Три альтернативные экранизации «Преступления и наказания»
«Тихие страницы» (1994), реж. Александр Сокуров
Все понимают, что перенести большой роман на экран, ничего не потеряв, невозможно. Но мало кто осознает, что основная преграда на пути этой адаптации — не хронометраж, а неотъемлемая разница между двумя формами искусства. Проще говоря, никакие фотографические изображения на большом или малом экране не способны конкурировать с образами, сотканными из мечтаний и снов, которые читатель видит в собственном воображении.

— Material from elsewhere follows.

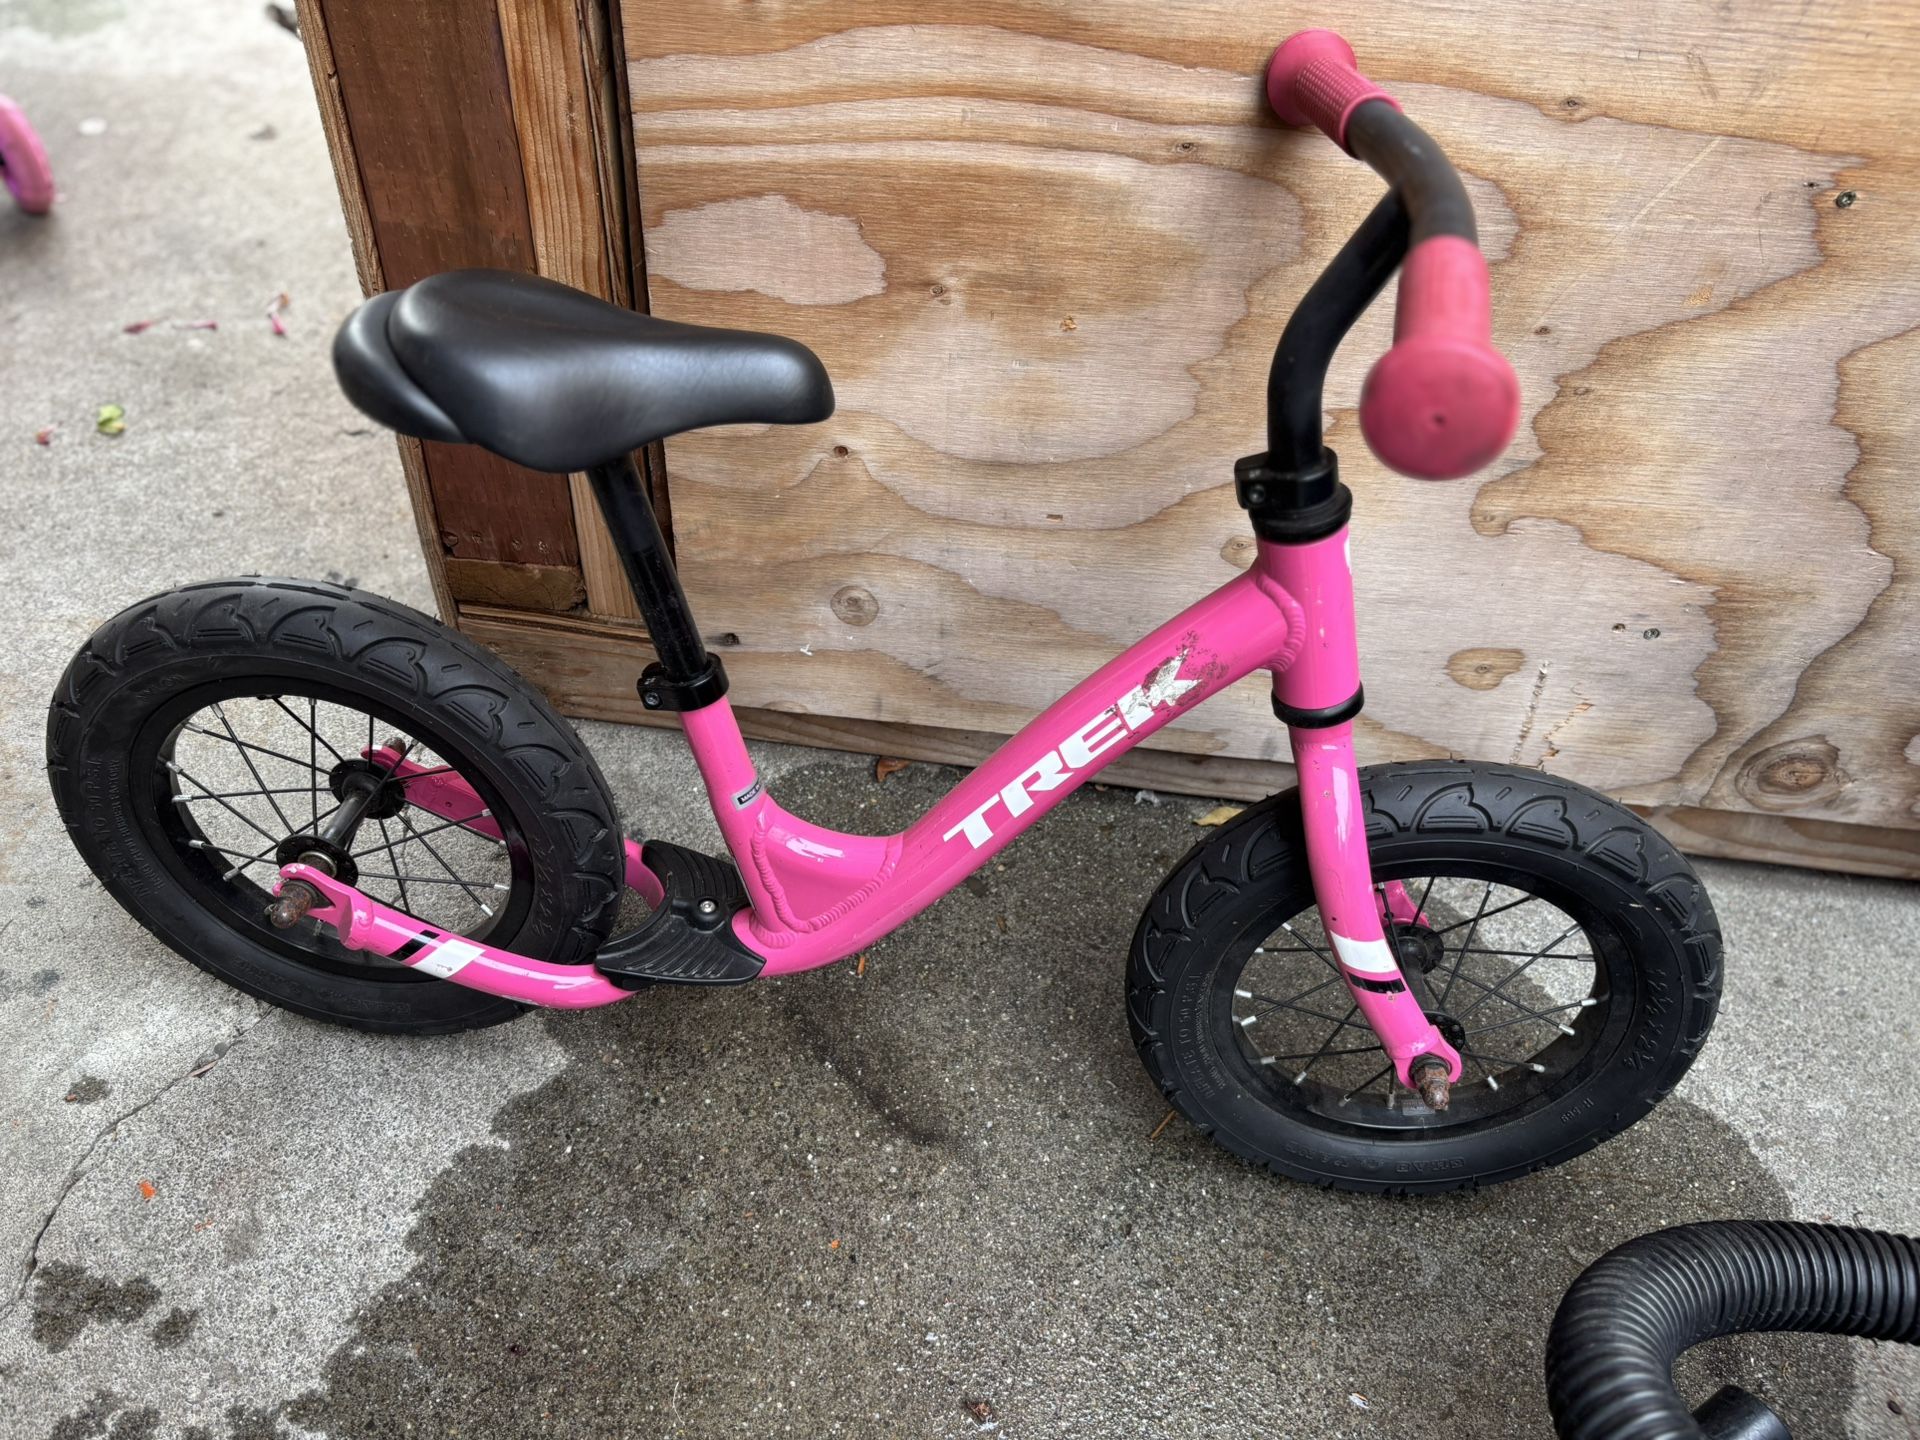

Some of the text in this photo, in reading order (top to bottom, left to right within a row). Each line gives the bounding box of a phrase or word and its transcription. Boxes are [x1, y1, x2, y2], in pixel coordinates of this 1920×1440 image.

[943, 648, 1203, 848] TREK
[93, 817, 111, 839] TO
[1178, 1028, 1192, 1044] TO
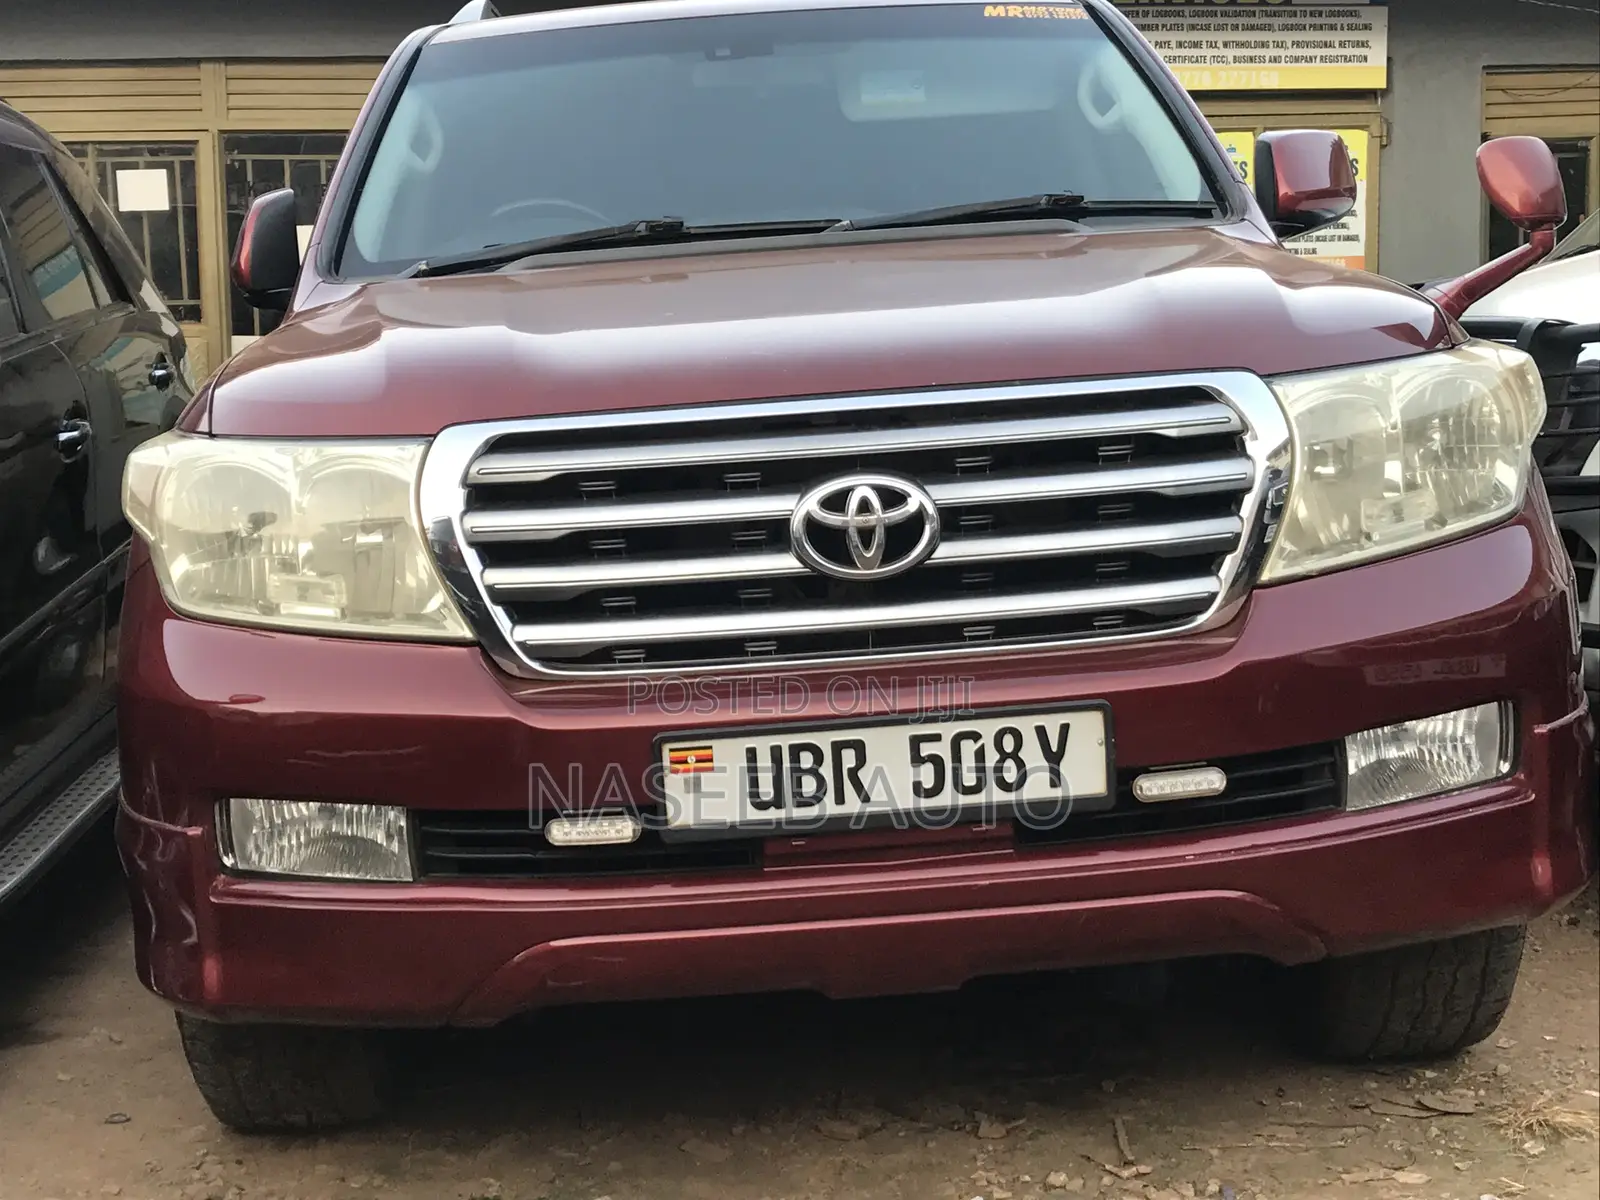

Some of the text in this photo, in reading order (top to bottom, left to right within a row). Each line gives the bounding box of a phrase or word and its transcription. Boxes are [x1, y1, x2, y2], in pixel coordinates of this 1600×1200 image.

Существуют и исключения из этого правила. Александр Сокуров, перенося на экран «Преступление и наказание», гениальным образом отказался и от преступления, и от наказания, от имен, диалогов и всей детективной фабулы, оставив от романа лишь два аспекта: портрет сумеречного Петербурга и болезненно точно описанное чувство экзистенциальной тревоги. В результате его атмосферная картина, длящаяся час с небольшим, не рассказывает в энный раз известную историю — зрители, не читавшие книгу, не поймут, как связаны люди в кадре и чего именно они хотят. Зато почувствуют то, что чувствовали самые чуткие читатели, — а эти читатели, в свою очередь, станут свидетелями таких туманных, искаженных, обволакивающих образов, какие даже самое внимательное погружение в прозу не дарило.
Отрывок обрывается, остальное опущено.